## [What you have to do]
Every entry below should be repeated exactly; the pictures should not.

## [Input]
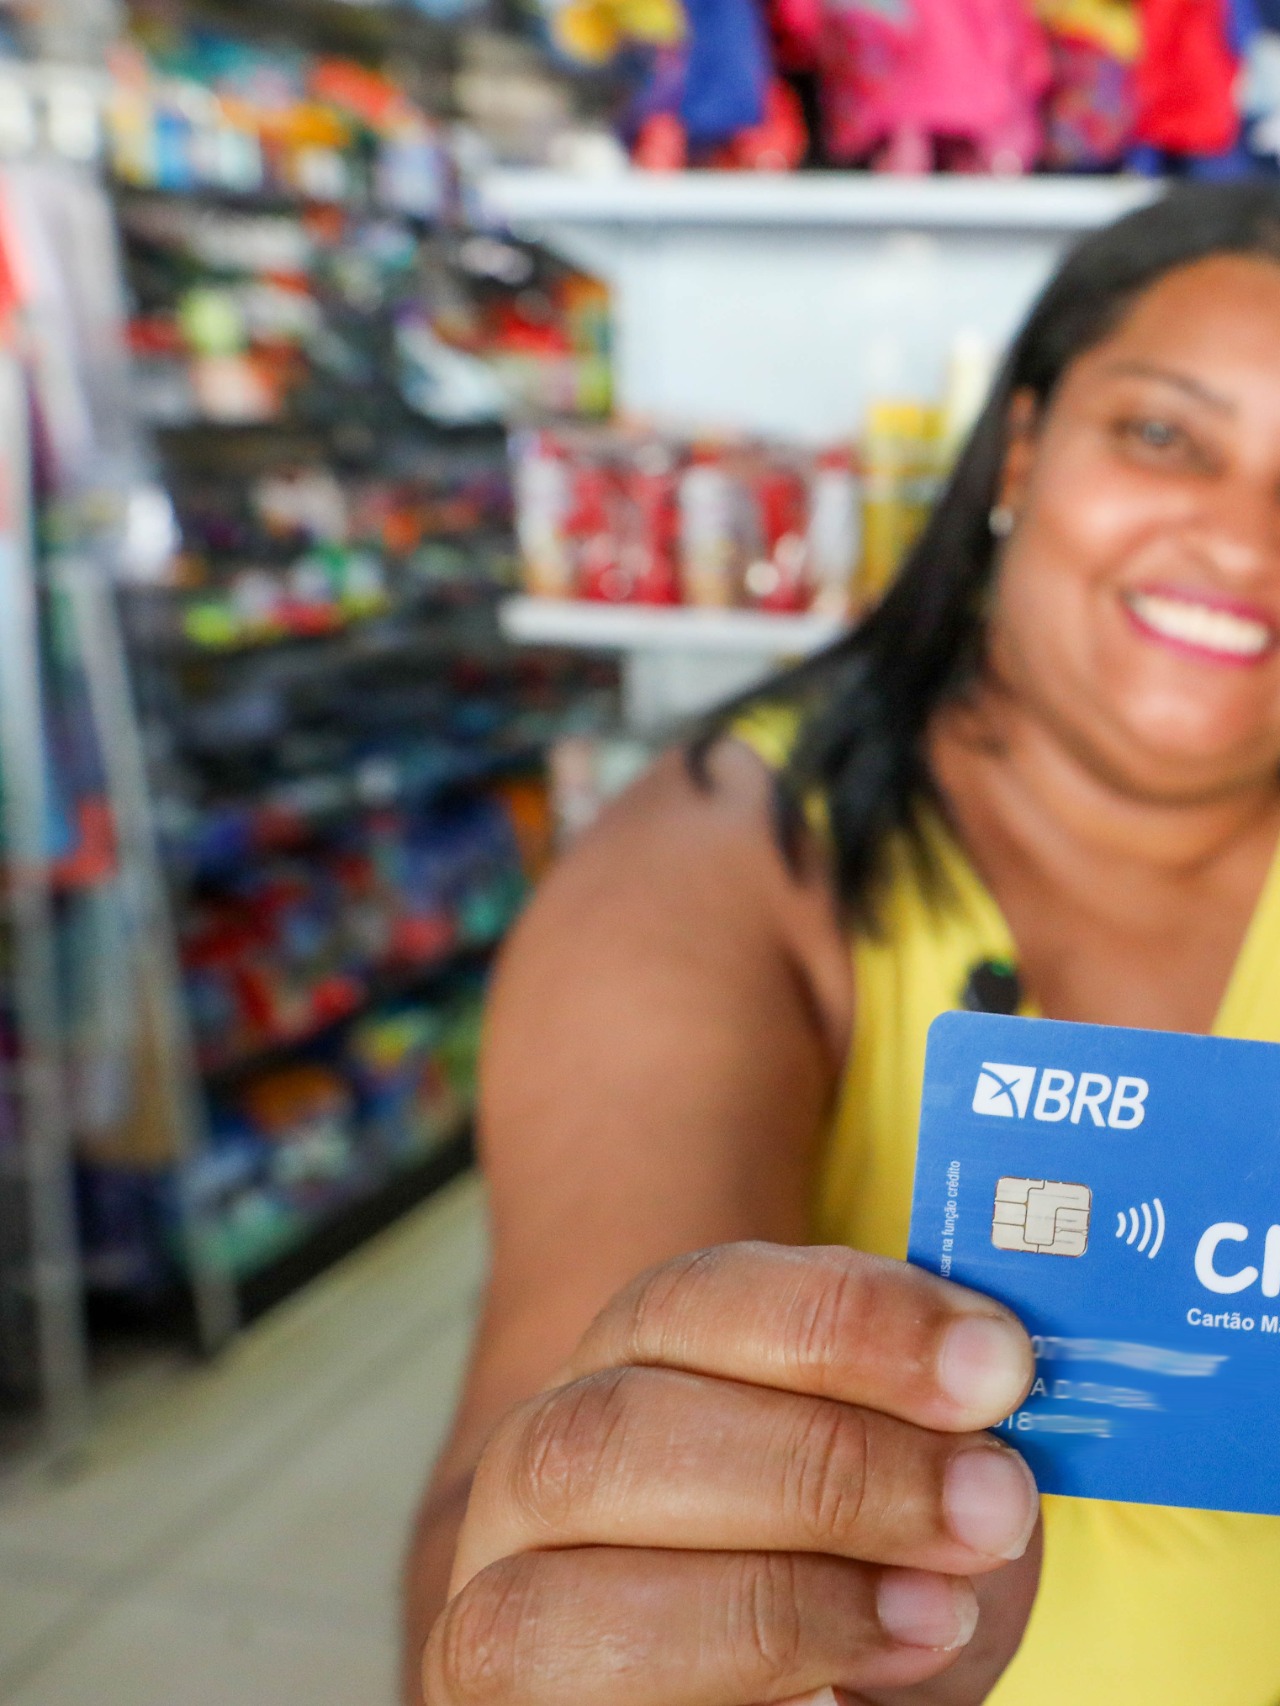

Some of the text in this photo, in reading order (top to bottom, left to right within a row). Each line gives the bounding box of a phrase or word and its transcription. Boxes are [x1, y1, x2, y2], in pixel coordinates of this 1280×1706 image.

[1033, 1068, 1150, 1130] BRB
[946, 1160, 961, 1197] crédito
[942, 1200, 959, 1235] função
[942, 1237, 954, 1251] na
[1186, 1307, 1255, 1331] Cartão

## [Task response]
Some of the text in this photo, in reading order (top to bottom, left to right within a row). Each line gives the bounding box of a phrase or word and its transcription. Boxes are [x1, y1, x2, y2], in pixel coordinates of this 1280×1706 image.

[1033, 1068, 1150, 1130] BRB
[946, 1160, 961, 1197] crédito
[942, 1200, 959, 1235] função
[942, 1237, 954, 1251] na
[1186, 1307, 1255, 1331] Cartão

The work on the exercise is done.